Hi again.
I’ve had this tab open on my laptop for weeks, maybe months. It’s a YouTube video, called “Staying Open to Suffering | Ram Dass.” For weeks I left the tab open but didn’t watch it. I don’t know where I first found the video; honestly, my only relationship to Ram Dass’s work is merely to have heard his name mentioned by women who seem better-adjusted, in a spiritual sense, than I. (If your experience is something like that, allow me to tell you that he was a spiritual teacher and writer and psychologist. In the 1960s and ’70s he helped popularize psychedelic drugs and what some might call New Age spirituality. His most famous book is called Be Here Now, which helped introduce Western audiences to the idea of mindfulness. Here is a nice interview with him from near the end of his life.)
So I don’t know where I found this video but I know why I was attracted to it: because I thought it might help me. The title “Staying Open to Suffering” might make you think that it’s advice for someone who has hardened their heart to the pain of the world, and you’d be right; that is, in a sense, what it focuses on. But that doesn’t quite capture my predicament, or what drew me to this video, I think.

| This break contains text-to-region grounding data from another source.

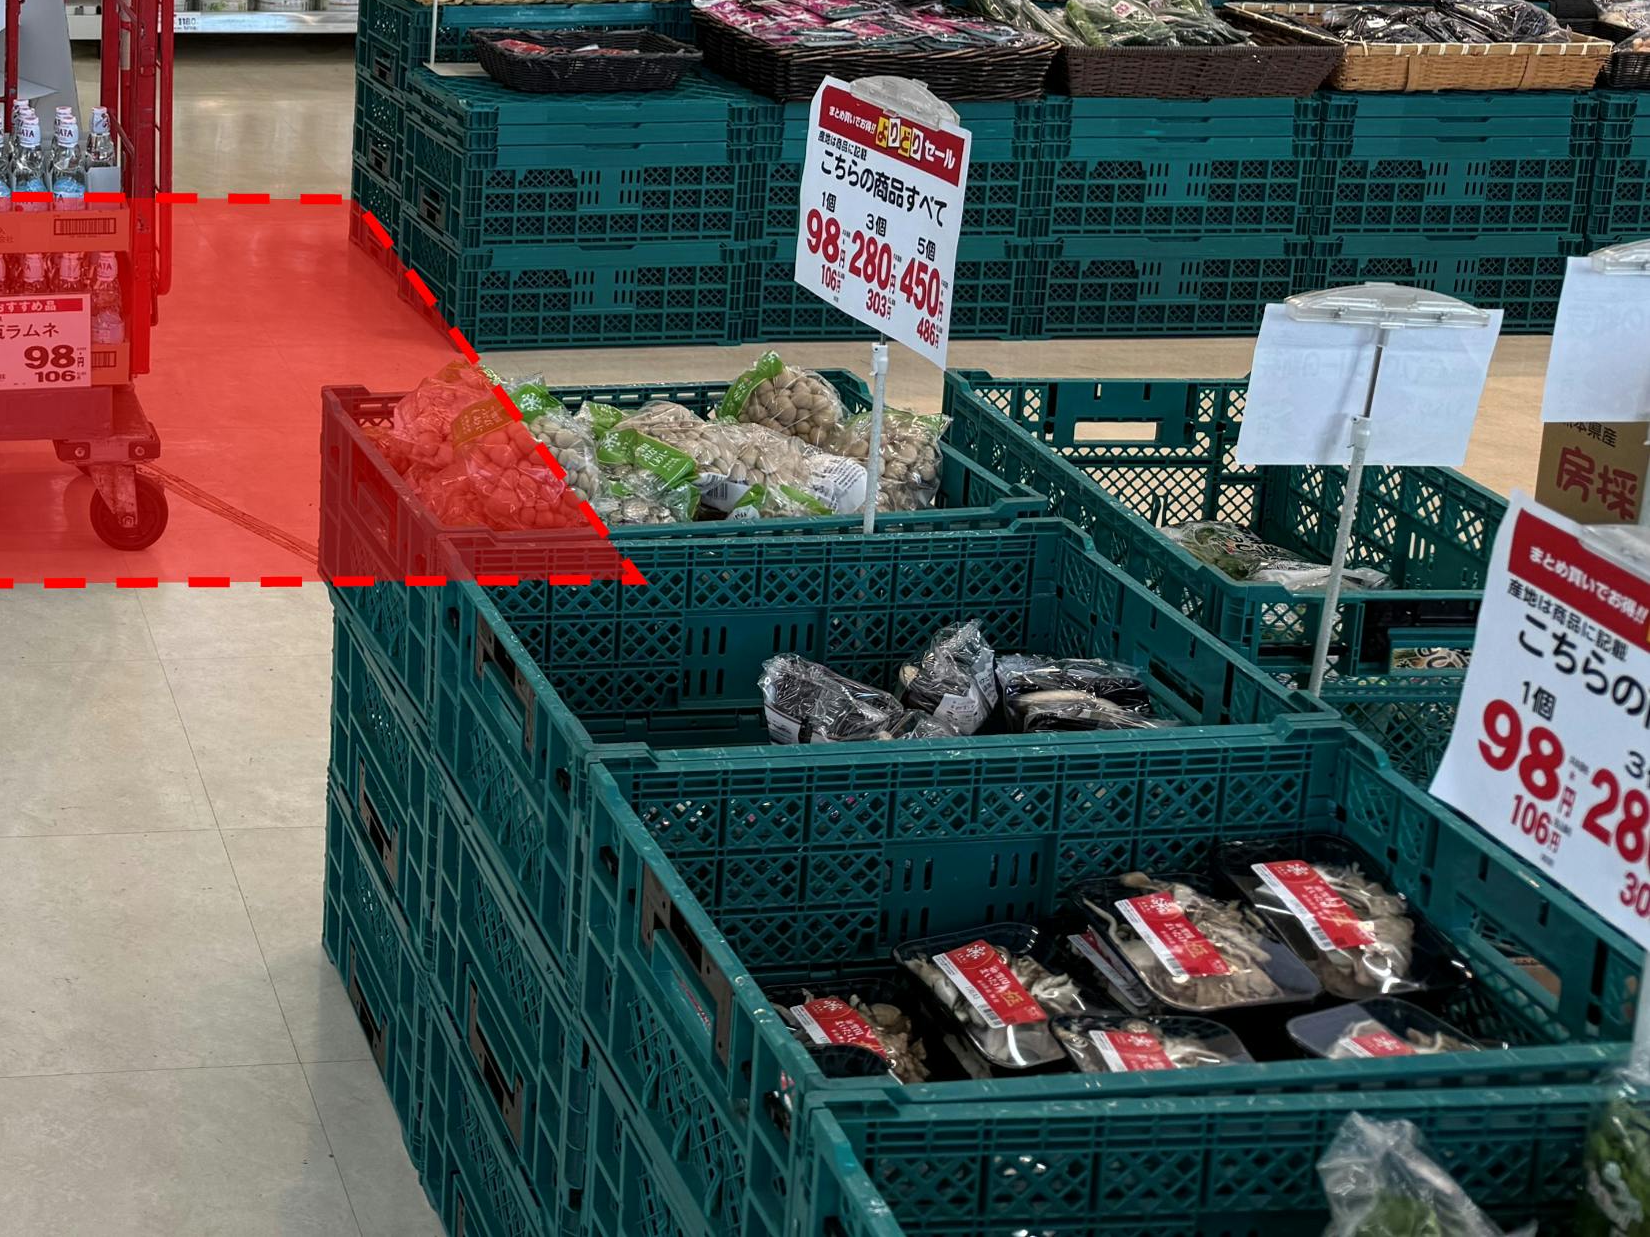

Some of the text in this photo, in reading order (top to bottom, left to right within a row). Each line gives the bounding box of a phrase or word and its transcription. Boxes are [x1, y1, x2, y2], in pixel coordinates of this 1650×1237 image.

[925, 140, 956, 170] セール
[821, 150, 947, 227] こちらの商品すべて
[822, 192, 837, 212] 1個
[806, 209, 841, 263] 98
[866, 213, 887, 237] 3個
[917, 237, 936, 262] 5個
[849, 230, 892, 290] 280
[900, 257, 940, 318] 450
[24, 345, 75, 369] 98
[35, 371, 75, 382] 106
[1507, 578, 1629, 662] 産地は商品に記載
[1518, 614, 1650, 728] こちらの
[1523, 682, 1557, 721] 1個
[1478, 699, 1565, 801] 98
[1582, 768, 1650, 864] 28

I don’t feel that I’ve hardened my heart to suffering, but I do find that I can let myself get immobilized by all of it, especially lately: needless mass death in Gaza, police brutality against student protesters, climate catastrophe, factory farming, attacks on reproductive healthcare and trans rights, the callousness with which this country treats migrants and the disdain with which it treats addicts — do you need me to keep going? And perhaps I feel most overwhelmed, most driven to hopelessness, by the way that I am implicated in all of it. My tax dollars, my consumption, my choices, my silence. It’s despair-inducing, and it conspires to make me wonder whether I will be able, ever, to lead an ethical life, one of which I am genuinely proud. I’m still not sure. “What does it mean to live and abide in a world like this?” the writer Charlotte Shane recently put it. “Does it have meaning at all?”

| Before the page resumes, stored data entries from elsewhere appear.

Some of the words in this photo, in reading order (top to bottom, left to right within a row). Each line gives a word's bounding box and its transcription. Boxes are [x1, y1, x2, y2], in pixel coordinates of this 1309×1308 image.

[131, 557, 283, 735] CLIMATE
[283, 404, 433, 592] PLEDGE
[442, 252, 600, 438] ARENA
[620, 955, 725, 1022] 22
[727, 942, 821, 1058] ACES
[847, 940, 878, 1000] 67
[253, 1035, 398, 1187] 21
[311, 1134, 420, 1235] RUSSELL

It’s so helpful to me to hear other people asking these questions, even without answers. (And although I am not a person of faith, I do know that these are questions with which religious traditions contend with some regularity — I think that is also what Charlotte is getting at in her essay.) I guess all of this is why I kept this tab open all these weeks, waiting for a moment — the right moment? — to actually watch it.

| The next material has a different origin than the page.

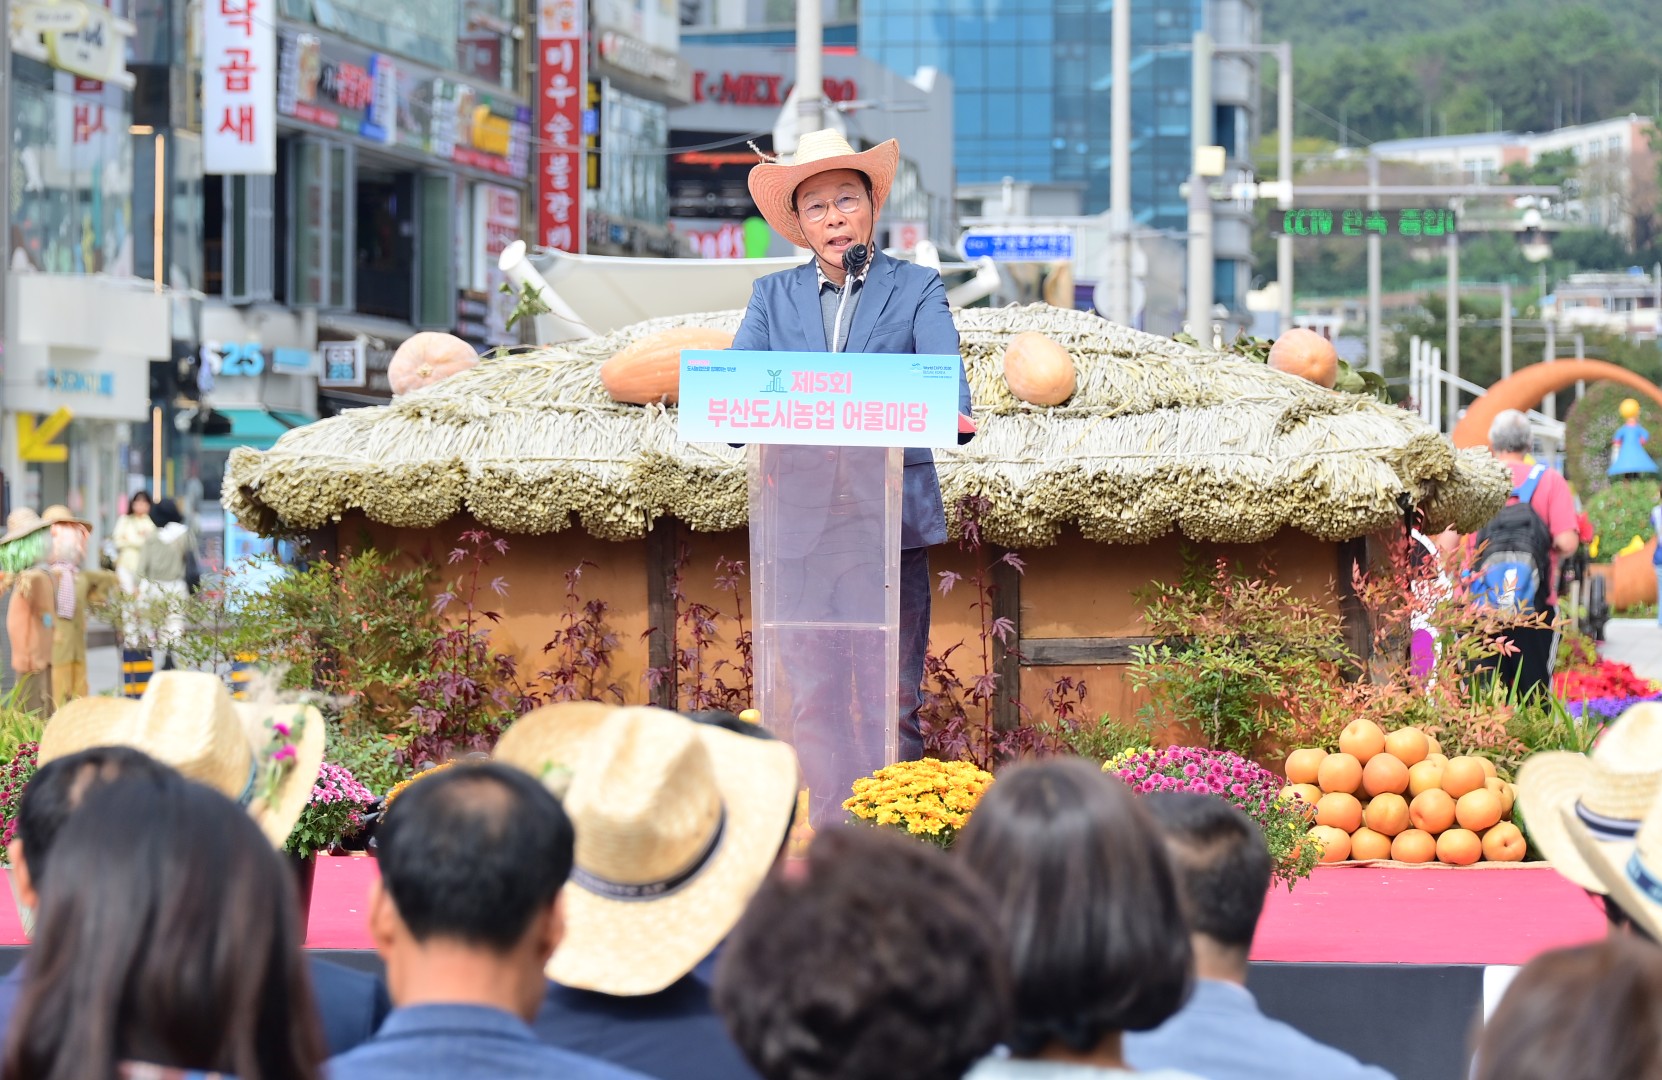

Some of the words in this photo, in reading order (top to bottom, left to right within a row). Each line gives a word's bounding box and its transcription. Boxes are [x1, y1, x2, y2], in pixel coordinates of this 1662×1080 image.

[790, 370, 852, 394] 제5회
[707, 398, 835, 430] 부산도시농업
[842, 400, 928, 433] 어울마당

Turns out it’s a short video, and in no way sanctimonious. Once I finally watched it this week, I found myself returning to it every day — not least of all because I thought I might want to write about it here. But now that I’m here, what is there for me to say that isn’t better said in there by Ram Dass? Here is what struck me most: He says that staying open to suffering — being attuned to it, without being overtaken by it — is “like keeping your heart open in hell.” I keep repeating that phrase to myself day after day. (I am writing this to you, if you can believe it, from the waiting room at jury duty; it seems apt.) And yet it is possible, he says, to let this feeling drive us to action, for it to fuel us to keep reaching outside ourselves — rather than getting pulled into navel-gazing about despair. (That’s what I’m wont to do.) We can tell ourselves this: I don’t understand it, but I’ll do what I can. And my heart is going to break again and again and again. And here I am. And maybe that is not enough to answer all my questions. But for the moment it has helped.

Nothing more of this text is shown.